# TASK
Omit the pictures. Print each entry below exactly.

# RECORDS FOR PROCESSING
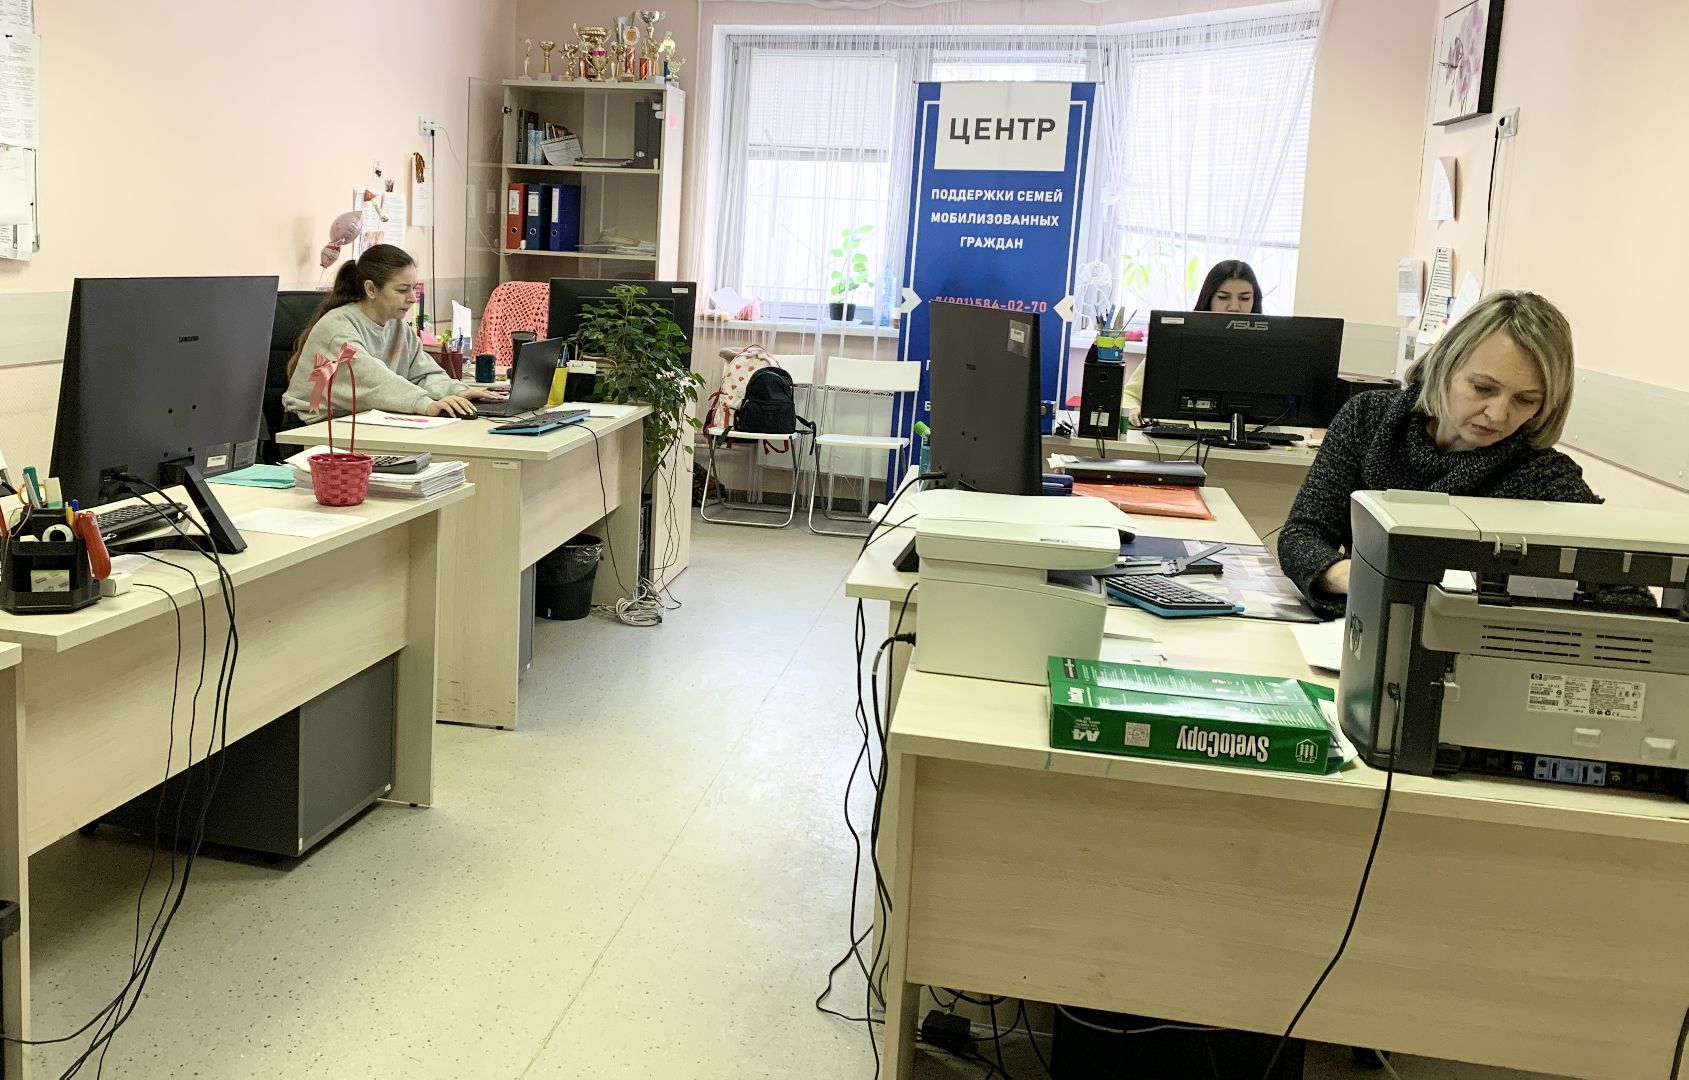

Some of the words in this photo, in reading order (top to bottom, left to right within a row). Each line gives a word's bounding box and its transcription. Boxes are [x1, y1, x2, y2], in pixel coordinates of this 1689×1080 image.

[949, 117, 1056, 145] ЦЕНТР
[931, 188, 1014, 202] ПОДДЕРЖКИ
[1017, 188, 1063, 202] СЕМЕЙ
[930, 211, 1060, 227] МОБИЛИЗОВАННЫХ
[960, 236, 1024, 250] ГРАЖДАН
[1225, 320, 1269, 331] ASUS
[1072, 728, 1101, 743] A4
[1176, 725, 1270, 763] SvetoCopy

# TASK OUTPUT
Some of the words in this photo, in reading order (top to bottom, left to right within a row). Each line gives a word's bounding box and its transcription. Boxes are [x1, y1, x2, y2], in pixel coordinates of this 1689×1080 image.

[949, 117, 1056, 145] ЦЕНТР
[931, 188, 1014, 202] ПОДДЕРЖКИ
[1017, 188, 1063, 202] СЕМЕЙ
[930, 211, 1060, 227] МОБИЛИЗОВАННЫХ
[960, 236, 1024, 250] ГРАЖДАН
[1225, 320, 1269, 331] ASUS
[1072, 728, 1101, 743] A4
[1176, 725, 1270, 763] SvetoCopy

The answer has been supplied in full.